Tao Wang1 6 Peining Li1 5 Dmitry Chigrin1 7 Alexander Giles2 Francesco Bezares3 Joshua Caldwell2 4 Thomas Taubner1

1, RWTH Aachen Univ, Aachen, , Germany
6, Institute or Materials Research and Engineering, Singapore, , Singapore
5, CIC Nanogune, San Sebastian, , Spain
7, DWI - Leibniz-Institute for interactive Materials, Aachen, , Germany
2, US Naval Research Laboratory, Washington, District of Columbia, United States
3, Universidad de Puerto Rico, Cayey, Puerto Rico, United States
4, Vanderbilt University, Nashville, Tennessee, United States

A conventional thermal emitter exhibits a broad emission spectrum with a peak wavelength depending upon the operation temperature. Recently, narrowband thermal emission was realized with periodic gratings or single microstructures of polar crystals such as SiC [1, 2]. These polar crystals support Surface Phonon-Polaritons (SPhPs) [3], which offer lower losses and higher resonance quality factors due to longer lifetime than the commonly used Surface Plasmon Polaritons (SPPs).
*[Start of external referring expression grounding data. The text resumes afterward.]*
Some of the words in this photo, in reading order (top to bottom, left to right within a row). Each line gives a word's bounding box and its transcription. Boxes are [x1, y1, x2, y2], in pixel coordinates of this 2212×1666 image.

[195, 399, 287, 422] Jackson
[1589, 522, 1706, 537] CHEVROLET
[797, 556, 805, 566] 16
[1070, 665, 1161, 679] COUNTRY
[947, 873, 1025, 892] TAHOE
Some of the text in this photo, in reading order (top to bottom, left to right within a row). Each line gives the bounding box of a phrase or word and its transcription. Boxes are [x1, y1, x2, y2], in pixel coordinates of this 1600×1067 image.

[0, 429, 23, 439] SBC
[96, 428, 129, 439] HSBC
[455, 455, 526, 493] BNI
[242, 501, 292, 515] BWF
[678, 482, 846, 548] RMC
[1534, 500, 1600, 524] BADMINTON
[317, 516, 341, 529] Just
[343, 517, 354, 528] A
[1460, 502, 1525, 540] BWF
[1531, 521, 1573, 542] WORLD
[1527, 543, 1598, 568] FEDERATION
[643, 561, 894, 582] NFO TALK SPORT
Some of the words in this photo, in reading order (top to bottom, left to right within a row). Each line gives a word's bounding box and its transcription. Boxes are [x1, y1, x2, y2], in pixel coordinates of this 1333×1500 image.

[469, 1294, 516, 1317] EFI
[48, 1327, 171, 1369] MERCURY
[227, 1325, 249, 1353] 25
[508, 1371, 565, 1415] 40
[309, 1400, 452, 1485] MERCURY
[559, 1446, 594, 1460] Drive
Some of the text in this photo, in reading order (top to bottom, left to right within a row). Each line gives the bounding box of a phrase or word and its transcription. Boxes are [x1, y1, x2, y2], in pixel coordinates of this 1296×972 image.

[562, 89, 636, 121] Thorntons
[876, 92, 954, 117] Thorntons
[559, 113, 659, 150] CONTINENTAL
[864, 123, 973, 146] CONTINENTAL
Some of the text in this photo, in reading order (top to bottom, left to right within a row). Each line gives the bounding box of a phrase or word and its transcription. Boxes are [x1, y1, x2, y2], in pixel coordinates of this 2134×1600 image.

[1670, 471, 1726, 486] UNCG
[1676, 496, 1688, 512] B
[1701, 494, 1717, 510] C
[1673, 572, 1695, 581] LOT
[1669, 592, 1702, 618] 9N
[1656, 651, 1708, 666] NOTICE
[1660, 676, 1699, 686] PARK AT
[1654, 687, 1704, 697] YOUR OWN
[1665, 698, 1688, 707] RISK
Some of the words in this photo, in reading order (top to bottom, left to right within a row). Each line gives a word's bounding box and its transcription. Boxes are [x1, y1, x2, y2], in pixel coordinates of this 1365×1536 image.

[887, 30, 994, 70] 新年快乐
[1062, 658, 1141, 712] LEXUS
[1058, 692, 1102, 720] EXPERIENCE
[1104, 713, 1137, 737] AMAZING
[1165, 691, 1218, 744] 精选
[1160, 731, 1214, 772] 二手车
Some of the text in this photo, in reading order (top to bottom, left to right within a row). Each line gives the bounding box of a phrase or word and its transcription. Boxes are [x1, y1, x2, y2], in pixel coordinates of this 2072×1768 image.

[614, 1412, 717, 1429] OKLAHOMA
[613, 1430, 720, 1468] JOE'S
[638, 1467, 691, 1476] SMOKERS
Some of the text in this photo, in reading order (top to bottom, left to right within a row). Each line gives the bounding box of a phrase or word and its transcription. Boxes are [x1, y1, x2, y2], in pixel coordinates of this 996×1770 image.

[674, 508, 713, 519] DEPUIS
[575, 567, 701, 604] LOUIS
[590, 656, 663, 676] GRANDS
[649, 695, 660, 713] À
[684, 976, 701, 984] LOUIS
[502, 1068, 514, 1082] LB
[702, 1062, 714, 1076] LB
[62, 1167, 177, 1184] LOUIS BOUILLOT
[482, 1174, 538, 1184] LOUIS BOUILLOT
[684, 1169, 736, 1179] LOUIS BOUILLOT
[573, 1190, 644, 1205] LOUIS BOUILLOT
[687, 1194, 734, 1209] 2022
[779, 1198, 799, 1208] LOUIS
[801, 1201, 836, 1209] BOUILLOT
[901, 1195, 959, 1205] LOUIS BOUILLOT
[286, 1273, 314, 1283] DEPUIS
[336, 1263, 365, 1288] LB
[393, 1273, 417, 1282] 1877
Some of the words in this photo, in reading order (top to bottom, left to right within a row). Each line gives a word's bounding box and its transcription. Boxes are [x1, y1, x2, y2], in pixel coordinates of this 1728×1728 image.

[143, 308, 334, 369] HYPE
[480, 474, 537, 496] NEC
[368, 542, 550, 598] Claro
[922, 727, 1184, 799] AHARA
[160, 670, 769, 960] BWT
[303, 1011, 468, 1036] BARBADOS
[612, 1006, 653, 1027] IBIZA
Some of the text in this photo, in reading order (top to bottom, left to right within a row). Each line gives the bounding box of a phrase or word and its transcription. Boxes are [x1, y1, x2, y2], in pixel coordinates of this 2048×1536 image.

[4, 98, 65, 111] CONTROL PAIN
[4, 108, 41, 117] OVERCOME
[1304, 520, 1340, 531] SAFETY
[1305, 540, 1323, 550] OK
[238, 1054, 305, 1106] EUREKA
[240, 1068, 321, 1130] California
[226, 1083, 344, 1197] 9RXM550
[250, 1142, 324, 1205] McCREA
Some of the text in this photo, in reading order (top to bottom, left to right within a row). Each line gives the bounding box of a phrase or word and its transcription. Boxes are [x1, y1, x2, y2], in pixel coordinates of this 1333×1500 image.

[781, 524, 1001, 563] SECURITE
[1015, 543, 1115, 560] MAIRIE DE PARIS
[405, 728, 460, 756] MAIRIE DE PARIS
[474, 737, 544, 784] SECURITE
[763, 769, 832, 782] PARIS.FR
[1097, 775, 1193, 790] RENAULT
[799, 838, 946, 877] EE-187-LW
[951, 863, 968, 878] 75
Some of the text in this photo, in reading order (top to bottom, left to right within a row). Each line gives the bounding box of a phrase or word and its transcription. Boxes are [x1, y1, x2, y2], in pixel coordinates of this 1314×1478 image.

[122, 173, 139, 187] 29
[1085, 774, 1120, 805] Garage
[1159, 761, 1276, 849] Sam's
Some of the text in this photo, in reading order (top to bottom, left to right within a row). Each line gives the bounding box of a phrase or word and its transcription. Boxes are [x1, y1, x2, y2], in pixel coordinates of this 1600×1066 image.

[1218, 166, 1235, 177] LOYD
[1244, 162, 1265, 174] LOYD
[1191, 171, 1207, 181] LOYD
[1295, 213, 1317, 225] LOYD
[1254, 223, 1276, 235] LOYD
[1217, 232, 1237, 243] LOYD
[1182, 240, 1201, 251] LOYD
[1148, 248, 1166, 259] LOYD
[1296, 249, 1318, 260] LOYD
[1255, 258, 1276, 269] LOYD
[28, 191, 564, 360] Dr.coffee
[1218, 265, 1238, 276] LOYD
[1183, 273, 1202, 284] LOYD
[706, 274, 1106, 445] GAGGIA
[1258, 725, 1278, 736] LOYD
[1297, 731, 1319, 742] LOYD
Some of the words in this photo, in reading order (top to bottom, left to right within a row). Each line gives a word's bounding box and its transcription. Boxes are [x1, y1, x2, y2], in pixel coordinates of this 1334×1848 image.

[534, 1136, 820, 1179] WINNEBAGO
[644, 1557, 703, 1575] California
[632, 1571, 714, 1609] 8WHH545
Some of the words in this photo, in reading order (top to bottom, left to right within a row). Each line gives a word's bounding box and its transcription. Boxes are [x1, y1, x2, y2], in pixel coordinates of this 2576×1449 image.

Due to the strong confinement of SPhPs, subwavelength resonators can host different, spectrally narrow modes depending on geometry and period.
Here, we go one step further and investigate the coupling of adjacent phonon-polaritonic nanostructures, specifically deeply sub-diffractional bowtie-shaped silicon carbide nanoantennas. We experimentally demonstrate that the nanometer-scale-gaps can control the thermal emission frequency while retaining emission linewidths as narrow as 10 cm-1[4].
To prove that the thermal emission originates from of nanoantenna structures and for an unambiguous assignment of the strongly localized SPhP resonant modes, we employ infrared far-field reflectance spectroscopy and compare it with full-wave electromagnetic simulations and near-field optical nanoimaging. The latter is based on scattering-type scanning near-field optical microscopy (s-SNOM) and enables us to directly visualize the rather complex modes of our 3-dimensional nanostructures. We also observe slight differences between individual bowties in our array, again indicating the strong influence of the nanoscale gaps on some of the narrow emission lines.
We believe that the observed narrow emission linewidths and exceptionally small modal volumes will provide new opportunities for the user-design of near- and far-field radiation patterns for advancements in infrared spectroscopy, sensing, signaling, communications, coherent thermal emission, and infrared photo-detection.

[1] J. J. Greffet et al, Nature 416, 61 (2002).
[2] J. A. Schuller et al, Nature Photon. 3, 658 (2009).
[3] J. D. Caldwell, et al., Nanophotonics 4, 44 (2015).
[4] T. Wang et al., ACS Photonics 4, 1753 (2017).